_Task instructions_
Where a picture appears, skip it; print everything else in the records exactly as it stands.

_Dataset records_
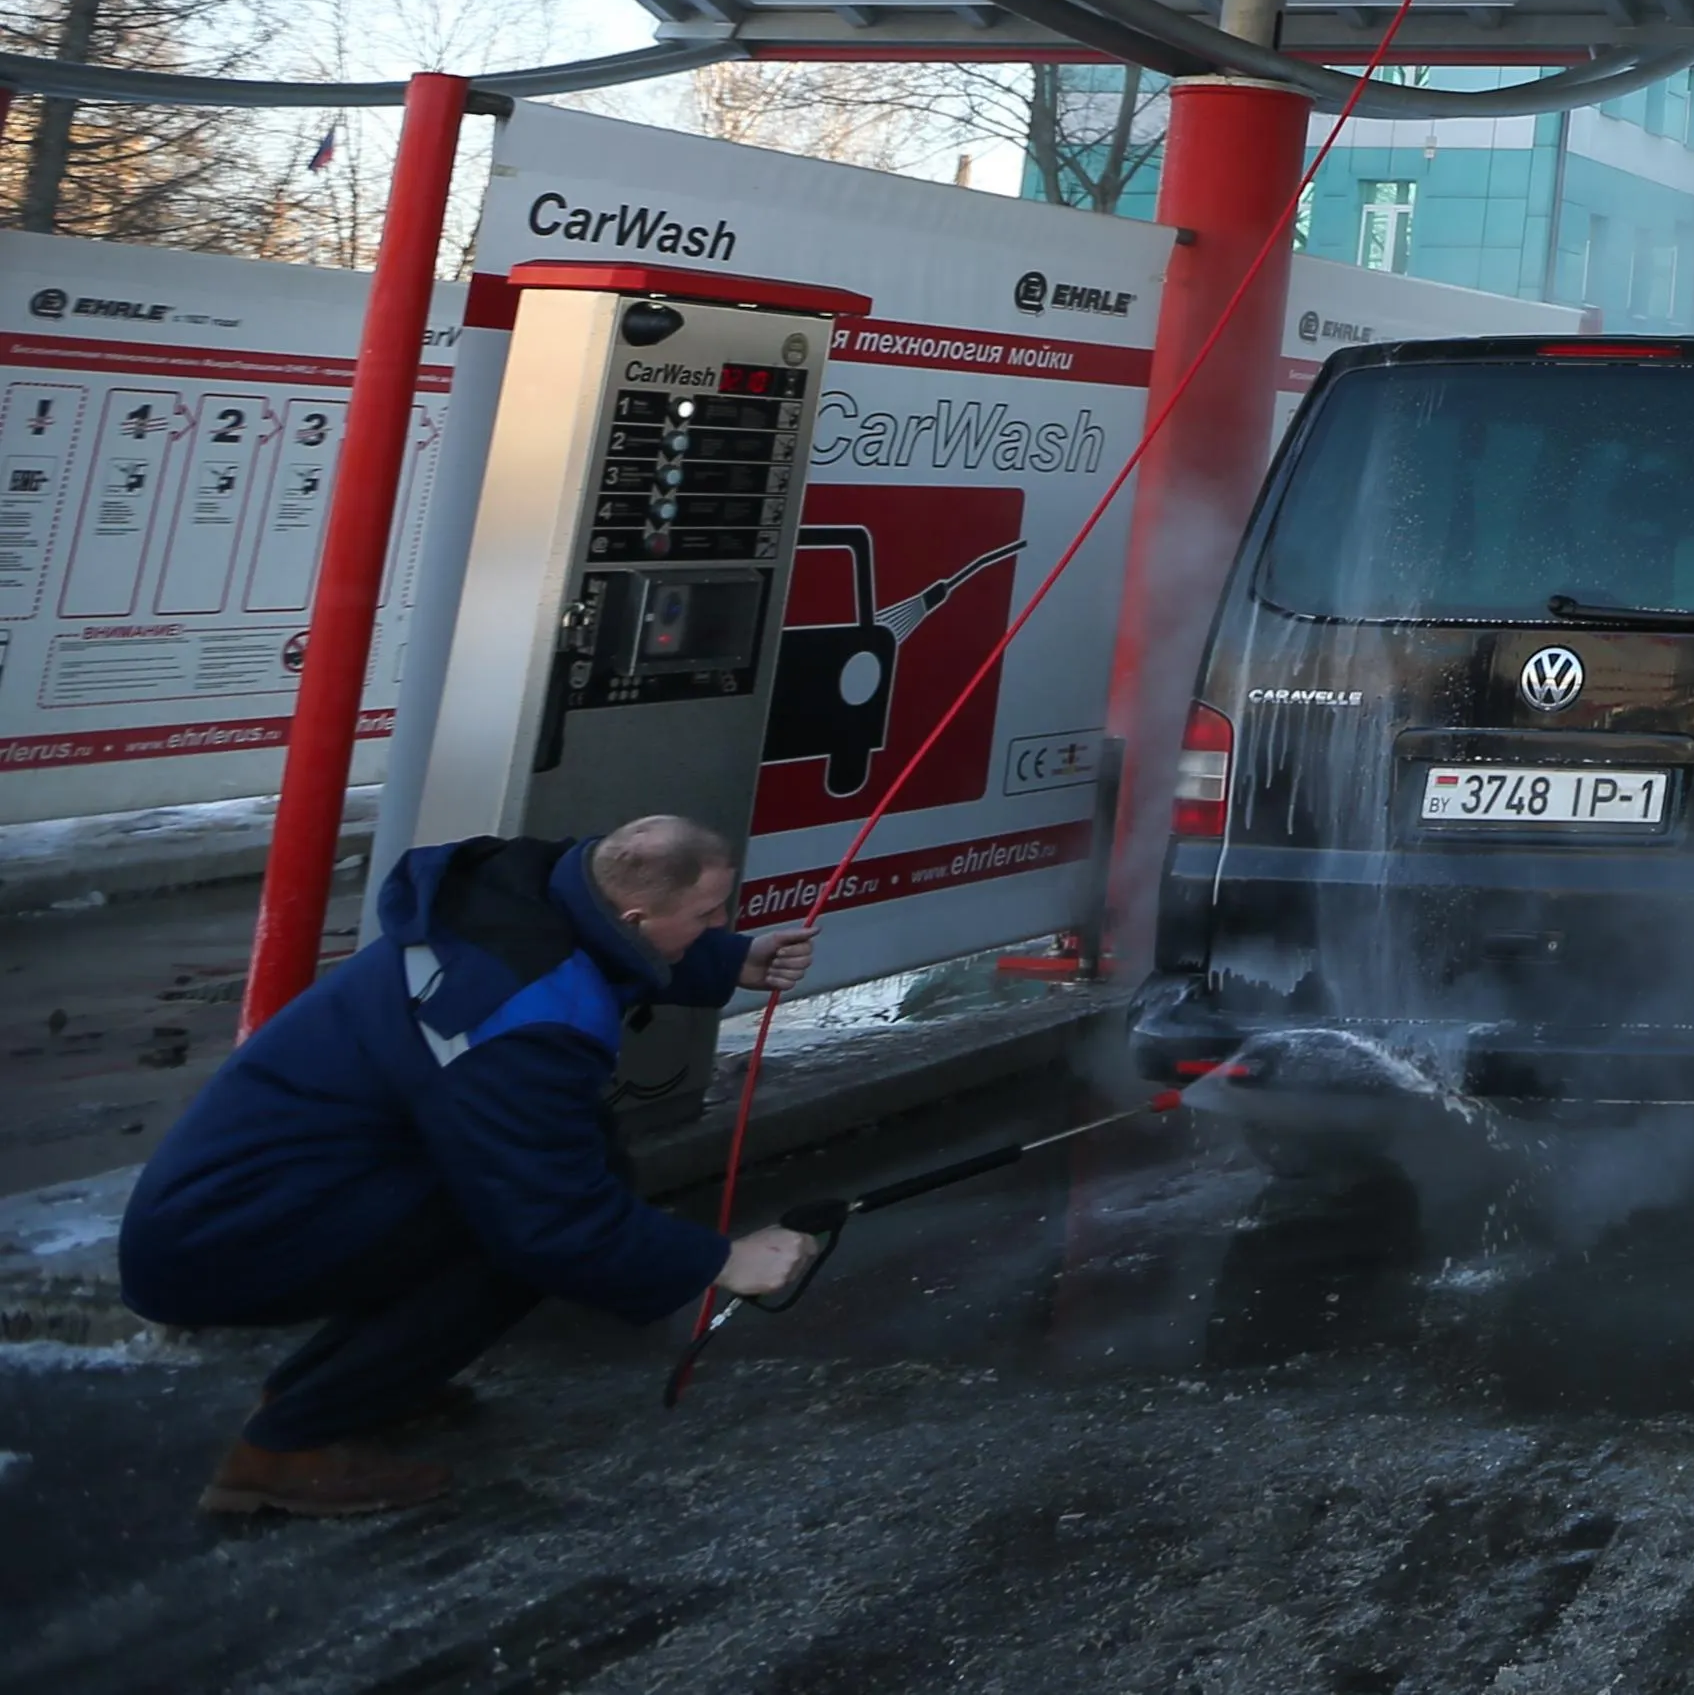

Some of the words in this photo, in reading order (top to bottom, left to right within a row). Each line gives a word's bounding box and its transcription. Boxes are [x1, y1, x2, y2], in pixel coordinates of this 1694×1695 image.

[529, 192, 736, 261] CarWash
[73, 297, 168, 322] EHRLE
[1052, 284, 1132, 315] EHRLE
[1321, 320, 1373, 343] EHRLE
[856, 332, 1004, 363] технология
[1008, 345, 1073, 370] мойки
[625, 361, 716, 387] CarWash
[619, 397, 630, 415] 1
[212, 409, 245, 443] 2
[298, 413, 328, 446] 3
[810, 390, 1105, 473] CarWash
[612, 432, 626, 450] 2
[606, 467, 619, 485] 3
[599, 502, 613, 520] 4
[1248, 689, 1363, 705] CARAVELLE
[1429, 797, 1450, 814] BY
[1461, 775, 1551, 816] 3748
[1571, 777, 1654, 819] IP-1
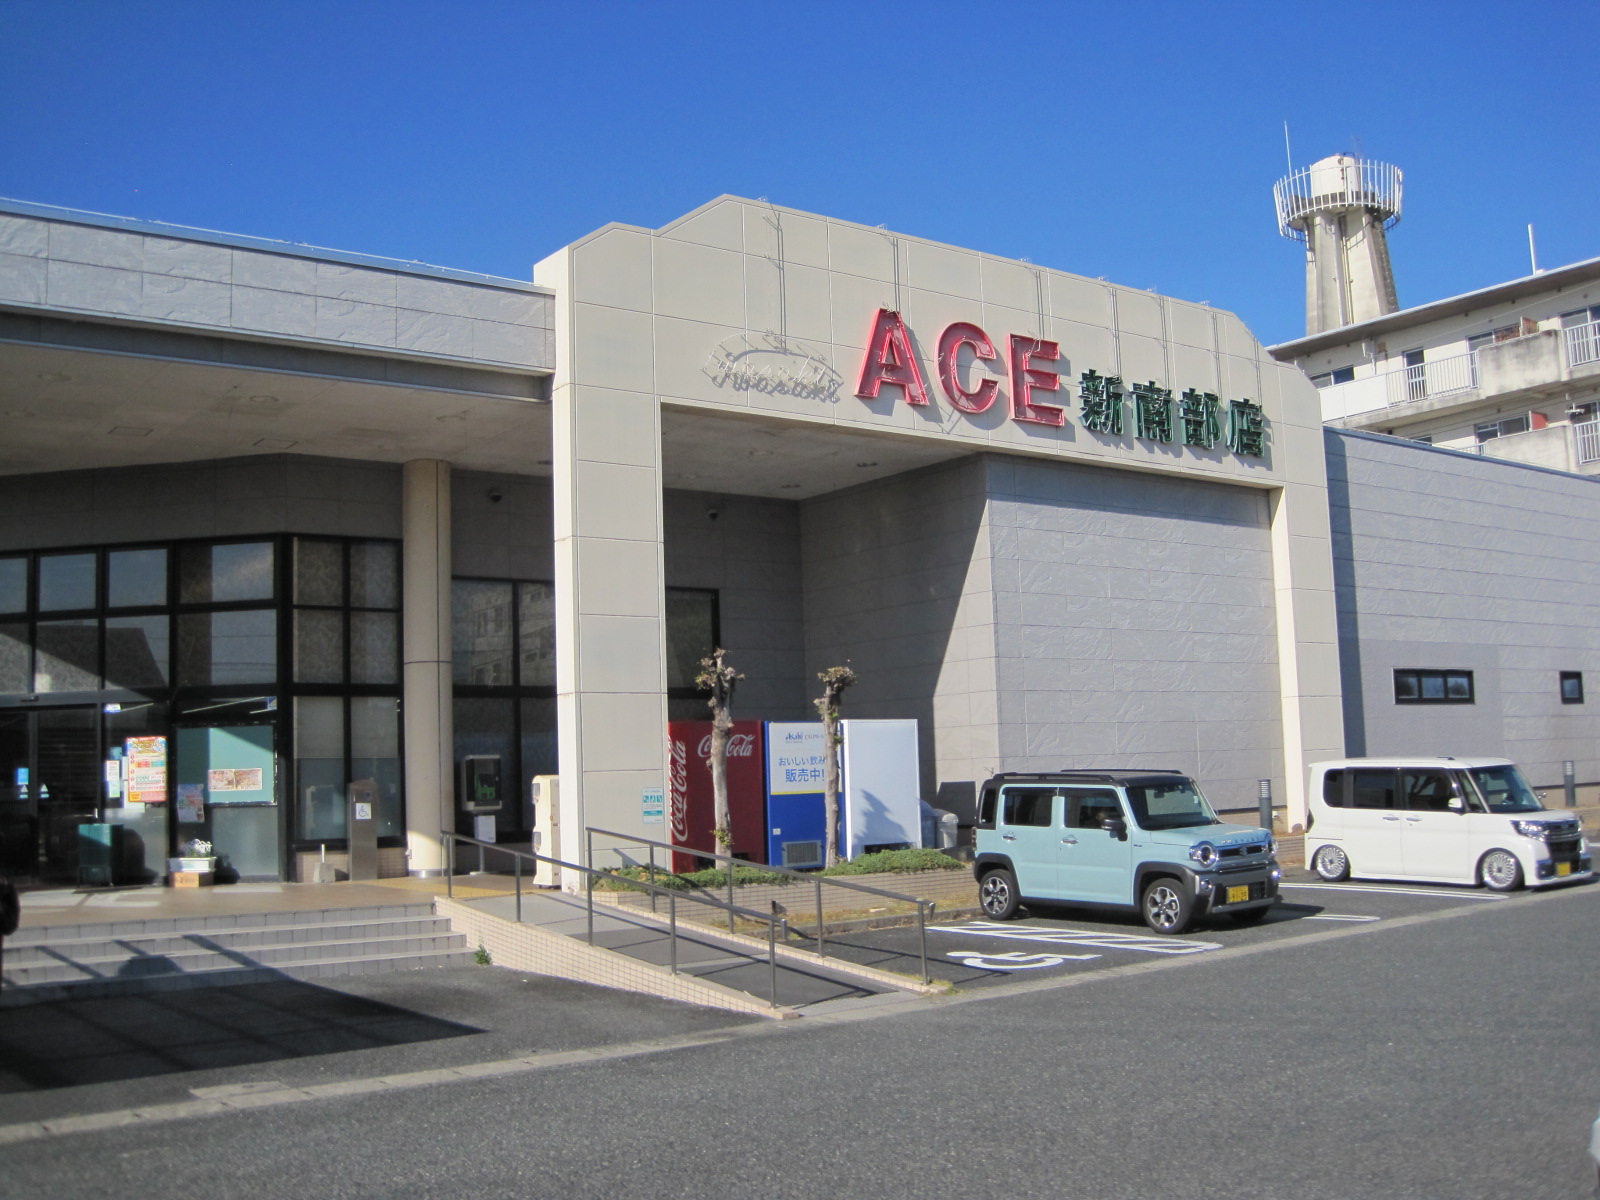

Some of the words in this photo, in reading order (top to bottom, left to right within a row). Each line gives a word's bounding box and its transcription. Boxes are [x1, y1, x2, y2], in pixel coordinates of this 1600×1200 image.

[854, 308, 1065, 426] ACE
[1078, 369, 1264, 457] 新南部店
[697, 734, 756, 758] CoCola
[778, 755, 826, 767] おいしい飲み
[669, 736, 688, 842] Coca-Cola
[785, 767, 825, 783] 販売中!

_Response below_
Some of the words in this photo, in reading order (top to bottom, left to right within a row). Each line gives a word's bounding box and its transcription. Boxes are [x1, y1, x2, y2], in pixel coordinates of this 1694×1695 image.

[529, 192, 736, 261] CarWash
[73, 297, 168, 322] EHRLE
[1052, 284, 1132, 315] EHRLE
[1321, 320, 1373, 343] EHRLE
[856, 332, 1004, 363] технология
[1008, 345, 1073, 370] мойки
[625, 361, 716, 387] CarWash
[619, 397, 630, 415] 1
[212, 409, 245, 443] 2
[298, 413, 328, 446] 3
[810, 390, 1105, 473] CarWash
[612, 432, 626, 450] 2
[606, 467, 619, 485] 3
[599, 502, 613, 520] 4
[1248, 689, 1363, 705] CARAVELLE
[1429, 797, 1450, 814] BY
[1461, 775, 1551, 816] 3748
[1571, 777, 1654, 819] IP-1

Some of the words in this photo, in reading order (top to bottom, left to right within a row). Each line gives a word's bounding box and its transcription. Boxes are [x1, y1, x2, y2], in pixel coordinates of this 1600×1200 image.

[854, 308, 1065, 426] ACE
[1078, 369, 1264, 457] 新南部店
[697, 734, 756, 758] CoCola
[778, 755, 826, 767] おいしい飲み
[669, 736, 688, 842] Coca-Cola
[785, 767, 825, 783] 販売中!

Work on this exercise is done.